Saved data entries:
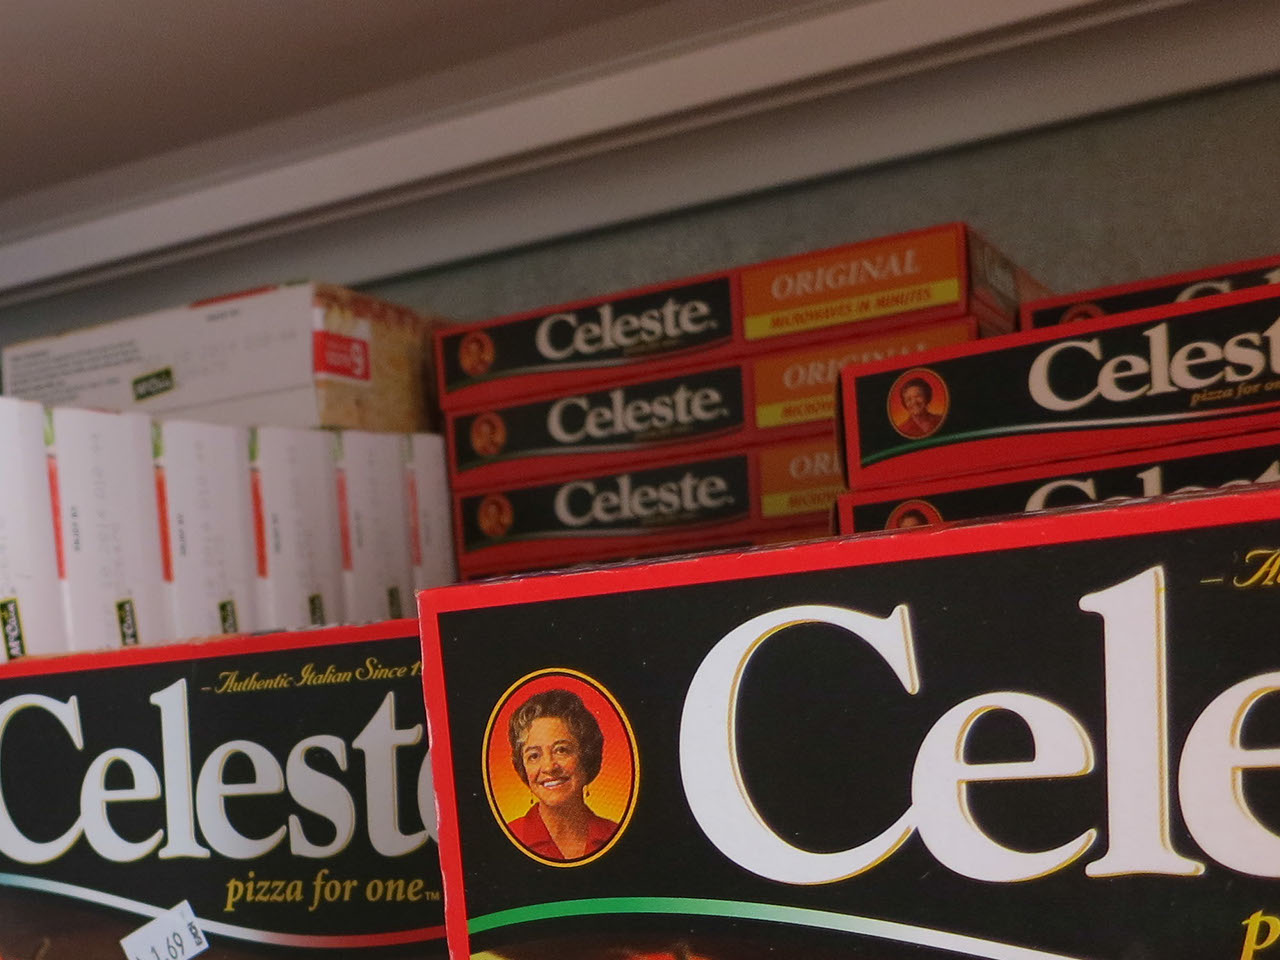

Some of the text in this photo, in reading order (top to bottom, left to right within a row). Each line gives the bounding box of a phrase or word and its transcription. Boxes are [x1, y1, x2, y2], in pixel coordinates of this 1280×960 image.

[771, 250, 920, 300] ORIGINAL
[535, 297, 713, 361] Celeste
[548, 384, 725, 444] Celeste
[555, 472, 730, 527] Celeste
[215, 670, 294, 694] Authentic
[296, 663, 352, 687] Italian
[355, 657, 407, 681] Since
[223, 870, 304, 912] pizza
[308, 868, 358, 912] for
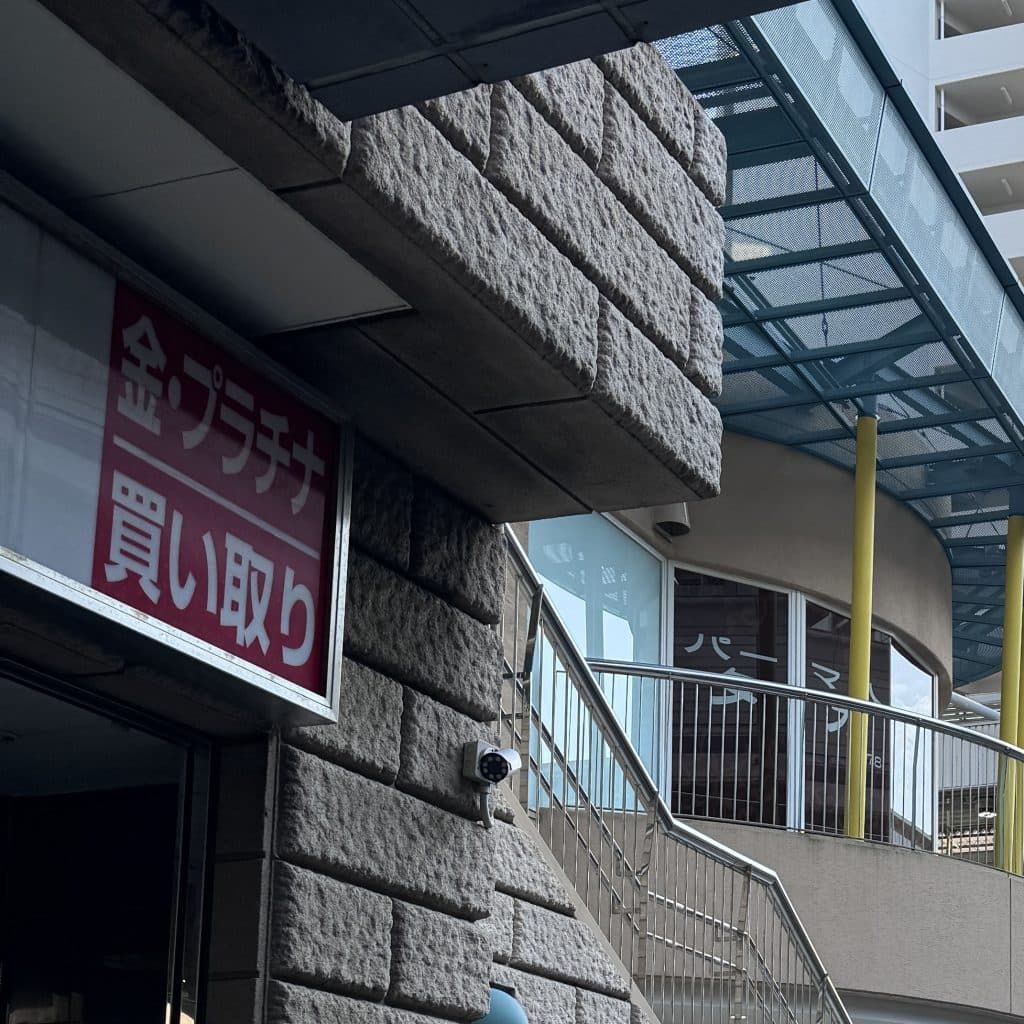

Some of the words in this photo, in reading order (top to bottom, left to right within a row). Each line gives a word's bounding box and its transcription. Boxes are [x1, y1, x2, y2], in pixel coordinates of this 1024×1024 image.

[117, 313, 325, 516] 金・プラチナ
[104, 469, 317, 668] 買い取り

§ **WHAT NEEDS TO BE DONE**: Leave out the pictures, then give all the records again exactly.

§ **THE ANSWER**:
Some of the text in this photo, in reading order (top to bottom, left to right within a row). Each line gives the bounding box of a phrase or word and its transcription. Boxes are [x1, y1, x2, y2], in pixel coordinates of this 1280×960 image.

[771, 250, 920, 300] ORIGINAL
[535, 297, 713, 361] Celeste
[548, 384, 725, 444] Celeste
[555, 472, 730, 527] Celeste
[215, 670, 294, 694] Authentic
[296, 663, 352, 687] Italian
[355, 657, 407, 681] Since
[223, 870, 304, 912] pizza
[308, 868, 358, 912] for

Some of the words in this photo, in reading order (top to bottom, left to right within a row). Each line gives a word's bounding box and its transcription. Boxes are [x1, y1, x2, y2], in pixel coordinates of this 1024×1024 image.

[117, 313, 325, 516] 金・プラチナ
[104, 469, 317, 668] 買い取り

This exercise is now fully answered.